WHAT IS REQUIRED: Word for word, copy the records and drop the pictures.

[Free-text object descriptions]
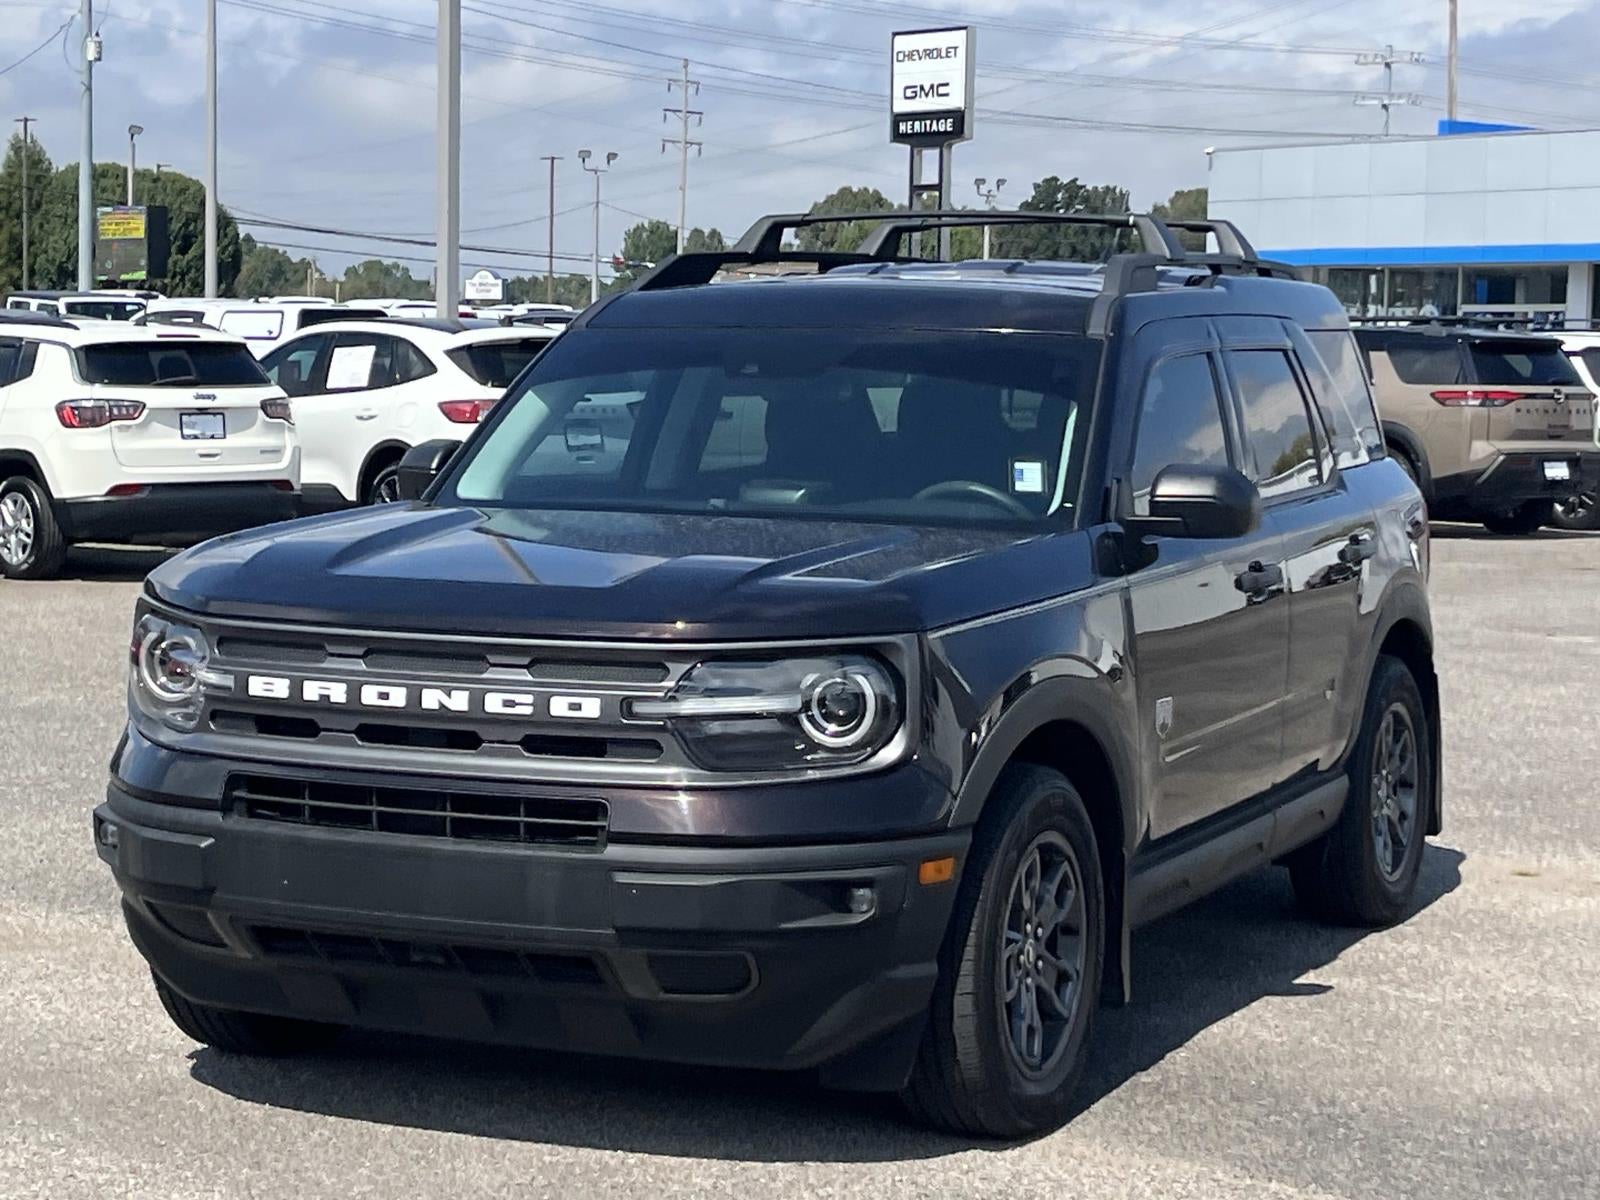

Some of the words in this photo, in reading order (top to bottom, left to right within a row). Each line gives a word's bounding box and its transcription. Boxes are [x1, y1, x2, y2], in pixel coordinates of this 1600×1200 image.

[896, 46, 959, 62] CHEVROLET
[903, 82, 950, 100] GMC
[899, 118, 954, 134] HERITAGE
[247, 674, 601, 719] BRONCO

ANSWER FOR THE TASK:
Some of the words in this photo, in reading order (top to bottom, left to right within a row). Each line gives a word's bounding box and its transcription. Boxes are [x1, y1, x2, y2], in pixel coordinates of this 1600×1200 image.

[896, 46, 959, 62] CHEVROLET
[903, 82, 950, 100] GMC
[899, 118, 954, 134] HERITAGE
[247, 674, 601, 719] BRONCO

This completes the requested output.